## Activity:
For each entry below, copy the text exactly and leave out any picture.

## Spatial localization data:

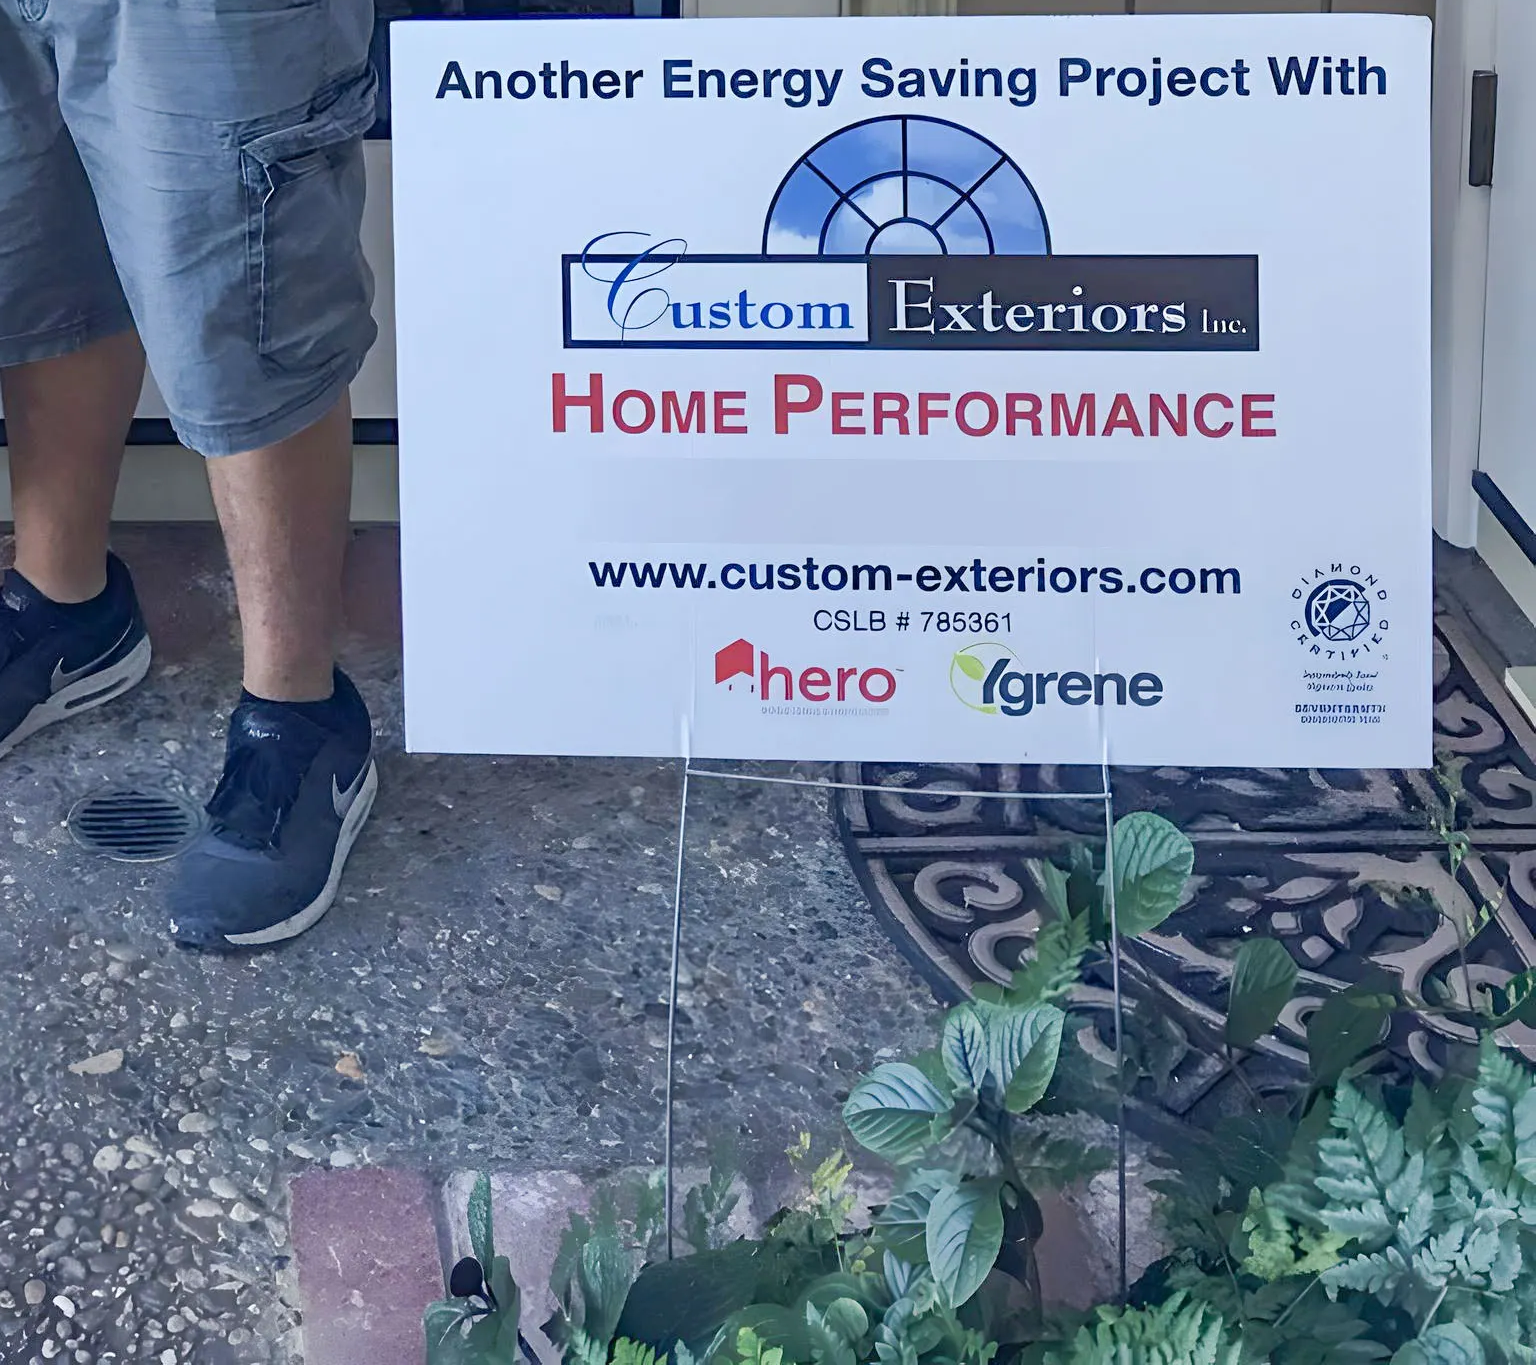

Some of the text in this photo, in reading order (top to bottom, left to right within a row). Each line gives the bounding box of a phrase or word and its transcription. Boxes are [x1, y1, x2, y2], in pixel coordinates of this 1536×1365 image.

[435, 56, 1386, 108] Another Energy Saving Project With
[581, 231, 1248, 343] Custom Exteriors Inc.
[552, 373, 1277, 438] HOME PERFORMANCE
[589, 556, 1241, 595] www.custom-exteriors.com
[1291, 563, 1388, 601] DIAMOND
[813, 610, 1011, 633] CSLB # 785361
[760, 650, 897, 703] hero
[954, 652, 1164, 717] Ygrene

## Task solution:
Some of the text in this photo, in reading order (top to bottom, left to right within a row). Each line gives the bounding box of a phrase or word and its transcription. Boxes are [x1, y1, x2, y2], in pixel coordinates of this 1536×1365 image.

[435, 56, 1386, 108] Another Energy Saving Project With
[581, 231, 1248, 343] Custom Exteriors Inc.
[552, 373, 1277, 438] HOME PERFORMANCE
[589, 556, 1241, 595] www.custom-exteriors.com
[1291, 563, 1388, 601] DIAMOND
[813, 610, 1011, 633] CSLB # 785361
[760, 650, 897, 703] hero
[954, 652, 1164, 717] Ygrene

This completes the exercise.